SOURCE DATA below:
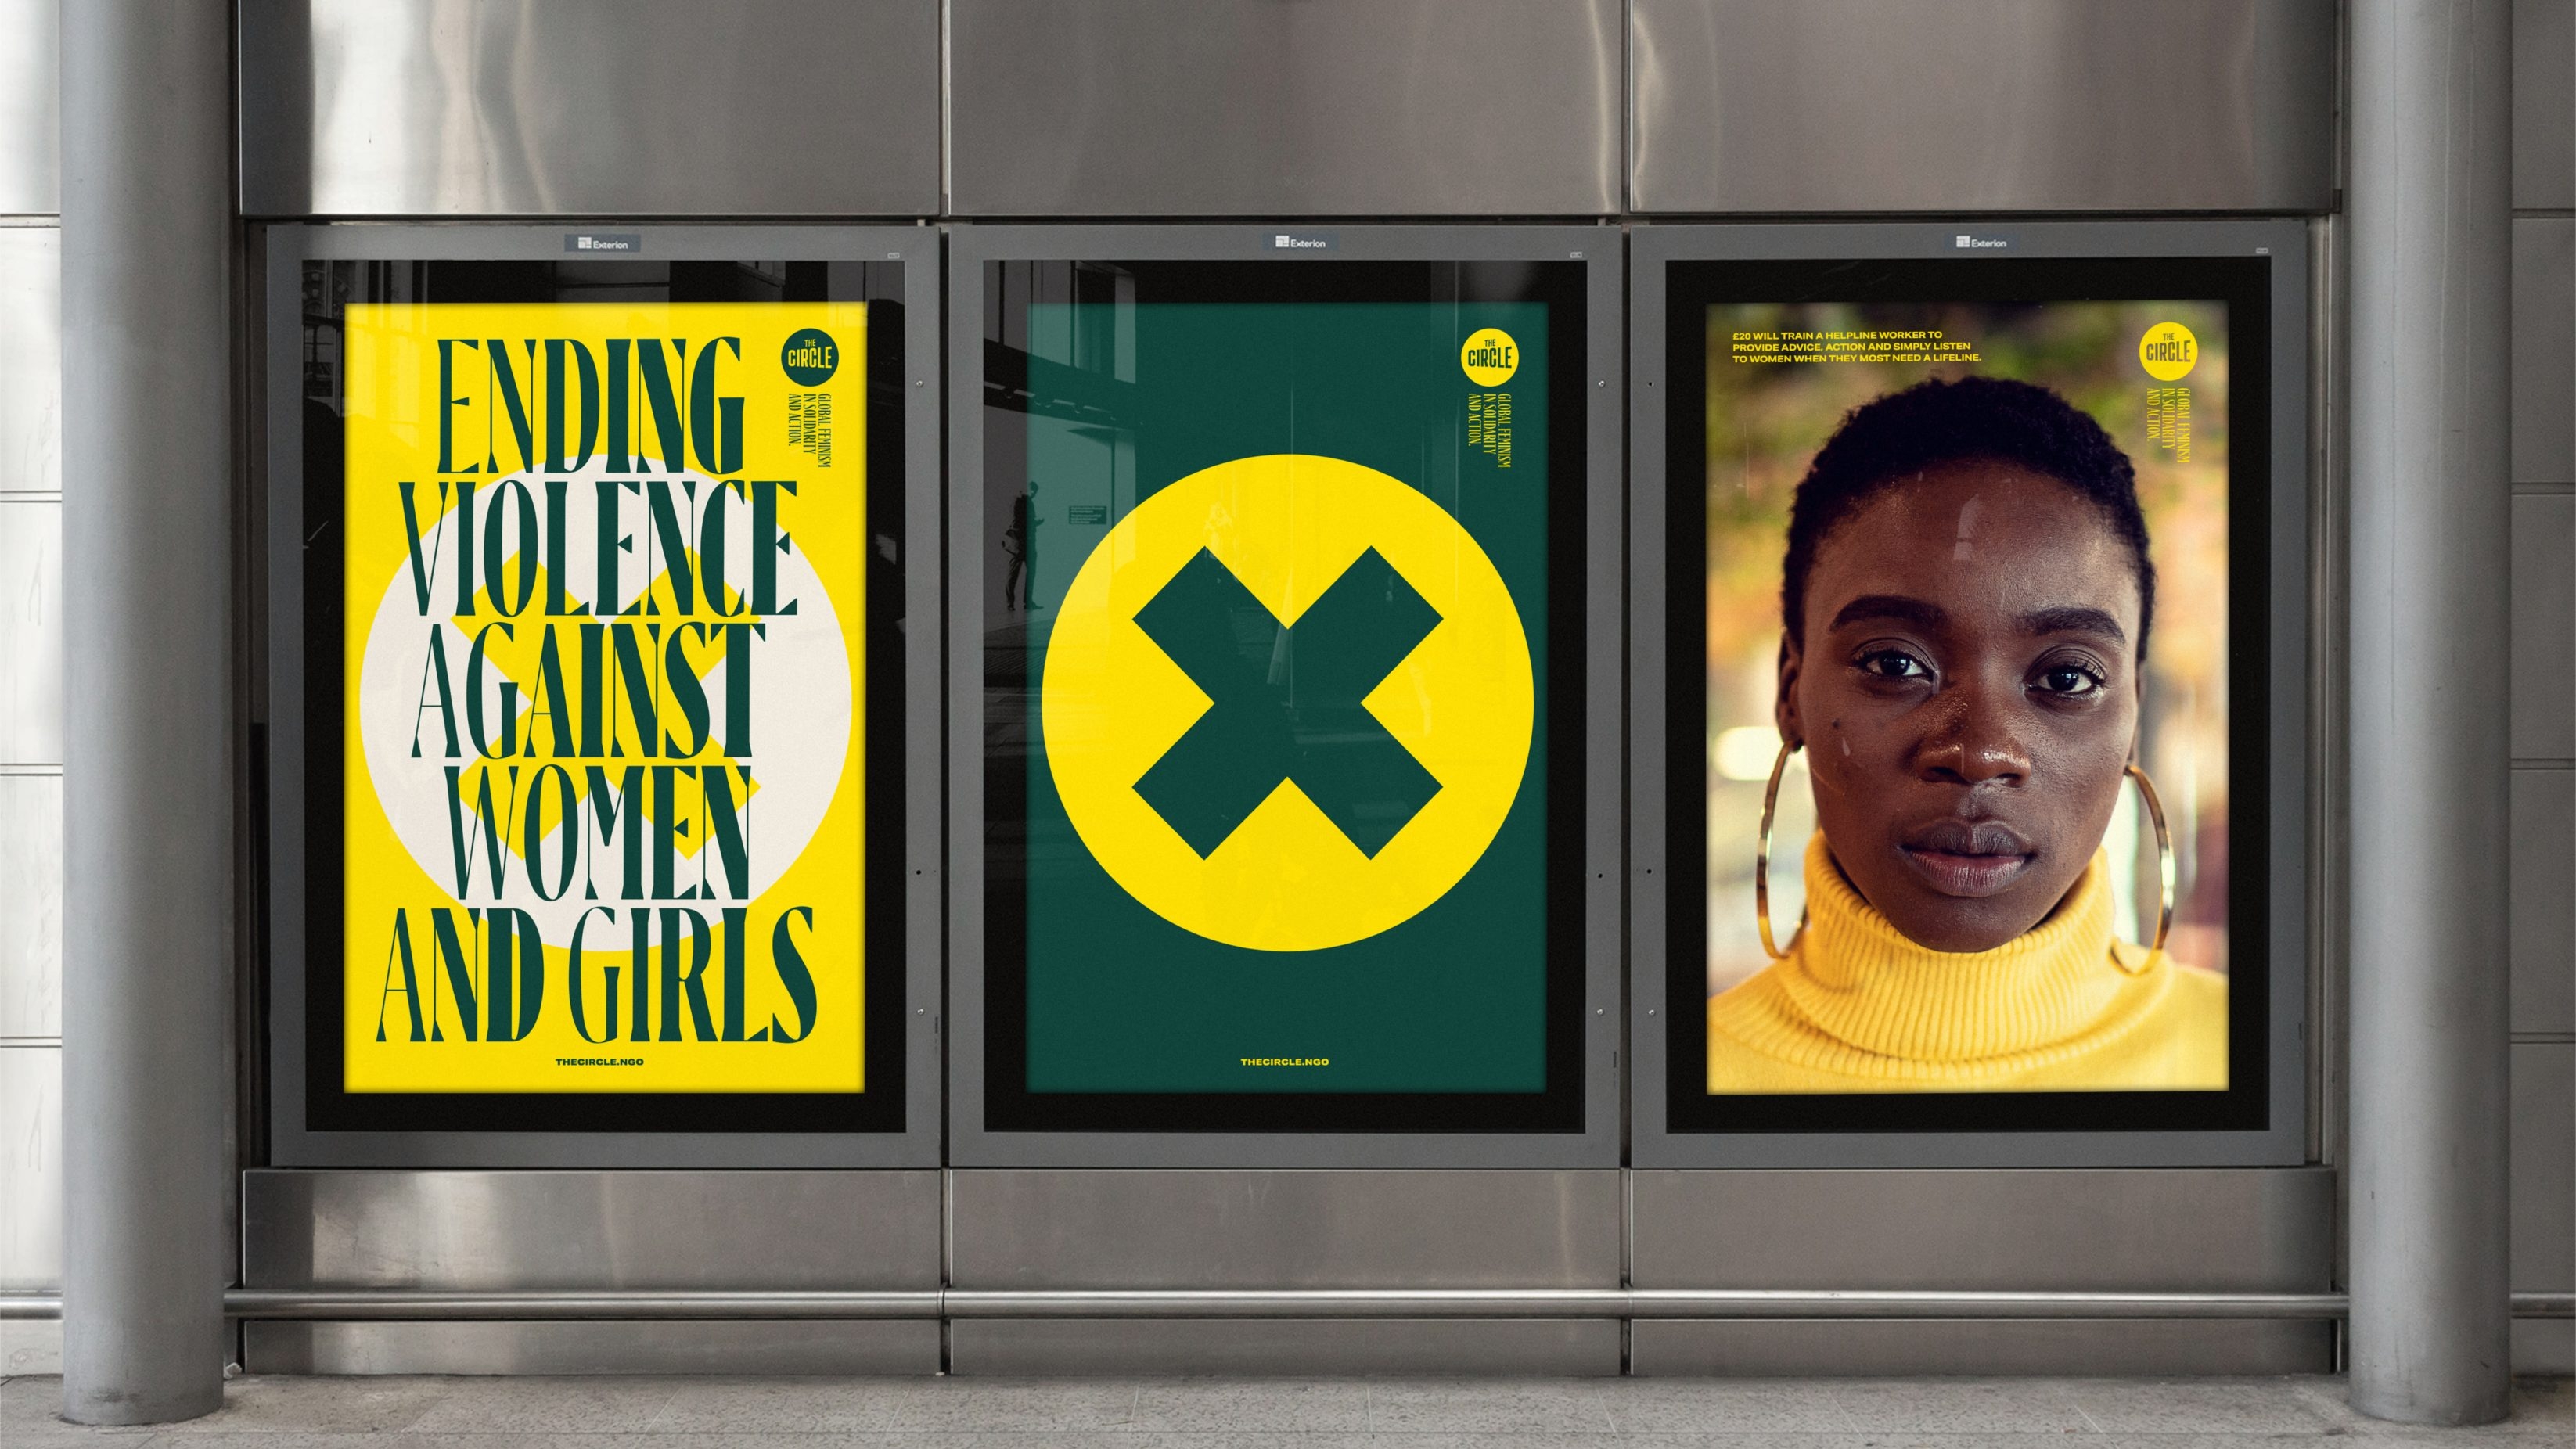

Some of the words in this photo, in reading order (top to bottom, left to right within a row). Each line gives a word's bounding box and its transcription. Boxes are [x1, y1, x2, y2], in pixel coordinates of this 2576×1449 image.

[593, 240, 628, 250] Exterion
[1290, 239, 1326, 248] Exterion
[1971, 239, 2007, 248] Exterion
[788, 347, 832, 369] CIRCLE
[1468, 347, 1512, 369] CIRCLE
[2146, 340, 2190, 362] CIRCLE
[437, 337, 744, 474] ENDING
[789, 394, 801, 411] AND
[803, 394, 816, 402] IN
[1468, 394, 1481, 411] AND
[1483, 394, 1496, 402] IN
[2147, 388, 2160, 405] AND
[2162, 388, 2175, 397] IN
[2177, 387, 2190, 420] GLOBAL
[818, 394, 831, 426] GLOBAL
[1498, 394, 1511, 426] GLOBAL
[2147, 408, 2160, 441] ACTION.
[2162, 399, 2175, 449] SOLIDARITY
[789, 413, 801, 446] ACTION.
[803, 404, 816, 454] SOLIDARITY
[1468, 413, 1481, 446] ACTION.
[1483, 404, 1496, 454] SOLIDARITY
[2177, 422, 2190, 462] FEMINISM
[818, 428, 831, 467] FEMINISM
[1498, 428, 1511, 467] FEMINISM
[399, 480, 797, 617] VIOLENCE
[411, 622, 766, 760] AGAINST
[444, 764, 752, 901] WOMEN
[376, 907, 545, 1043] AND
[568, 906, 818, 1044] GIRLS
[555, 1058, 645, 1066] THECIRCLE.NGO
[1240, 1058, 1329, 1066] THECIRCLE.NGO
End of SOURCE DATA.
• WHAT THE TASK REQUIRES: Your job is to reproduce the material exactly. Keep pictures out of it.

• RESPONSE TO THIS EXERCISE:
Some of the words in this photo, in reading order (top to bottom, left to right within a row). Each line gives a word's bounding box and its transcription. Boxes are [x1, y1, x2, y2], in pixel coordinates of this 2576×1449 image.

[593, 240, 628, 250] Exterion
[1290, 239, 1326, 248] Exterion
[1971, 239, 2007, 248] Exterion
[788, 347, 832, 369] CIRCLE
[1468, 347, 1512, 369] CIRCLE
[2146, 340, 2190, 362] CIRCLE
[437, 337, 744, 474] ENDING
[789, 394, 801, 411] AND
[803, 394, 816, 402] IN
[1468, 394, 1481, 411] AND
[1483, 394, 1496, 402] IN
[2147, 388, 2160, 405] AND
[2162, 388, 2175, 397] IN
[2177, 387, 2190, 420] GLOBAL
[818, 394, 831, 426] GLOBAL
[1498, 394, 1511, 426] GLOBAL
[2147, 408, 2160, 441] ACTION.
[2162, 399, 2175, 449] SOLIDARITY
[789, 413, 801, 446] ACTION.
[803, 404, 816, 454] SOLIDARITY
[1468, 413, 1481, 446] ACTION.
[1483, 404, 1496, 454] SOLIDARITY
[2177, 422, 2190, 462] FEMINISM
[818, 428, 831, 467] FEMINISM
[1498, 428, 1511, 467] FEMINISM
[399, 480, 797, 617] VIOLENCE
[411, 622, 766, 760] AGAINST
[444, 764, 752, 901] WOMEN
[376, 907, 545, 1043] AND
[568, 906, 818, 1044] GIRLS
[555, 1058, 645, 1066] THECIRCLE.NGO
[1240, 1058, 1329, 1066] THECIRCLE.NGO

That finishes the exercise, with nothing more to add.